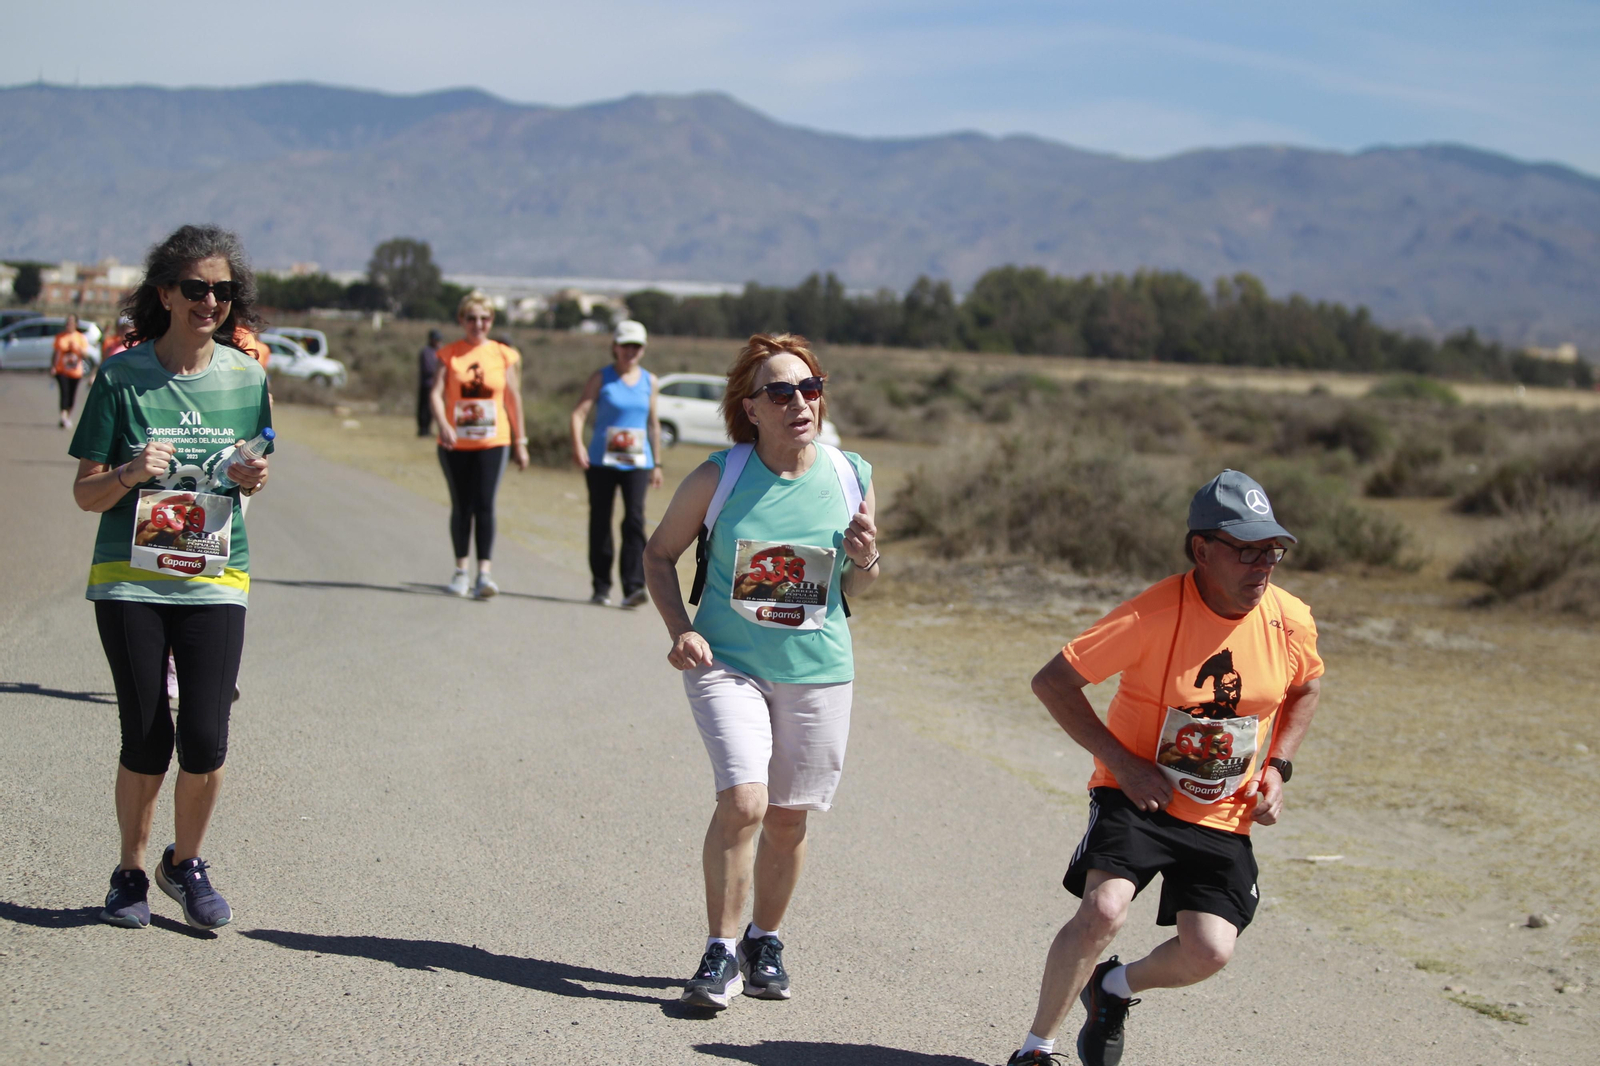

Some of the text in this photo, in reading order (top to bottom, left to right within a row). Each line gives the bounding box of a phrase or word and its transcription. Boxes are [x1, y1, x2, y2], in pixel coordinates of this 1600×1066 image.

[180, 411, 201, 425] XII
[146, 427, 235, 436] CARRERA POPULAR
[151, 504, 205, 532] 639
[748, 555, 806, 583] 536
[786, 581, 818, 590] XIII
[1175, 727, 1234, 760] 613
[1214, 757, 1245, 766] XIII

#####

- _Work instruction_
Transcribe every entry word for word, but skip the pictures.

- _Answer area_
Some of the text in this photo, in reading order (top to bottom, left to right within a row). Each line gives the bounding box of a phrase or word and its transcription. Boxes are [x1, y1, x2, y2], in pixel coordinates of this 1600×1066 image.

[180, 411, 201, 425] XII
[146, 427, 235, 436] CARRERA POPULAR
[151, 504, 205, 532] 639
[748, 555, 806, 583] 536
[786, 581, 818, 590] XIII
[1175, 727, 1234, 760] 613
[1214, 757, 1245, 766] XIII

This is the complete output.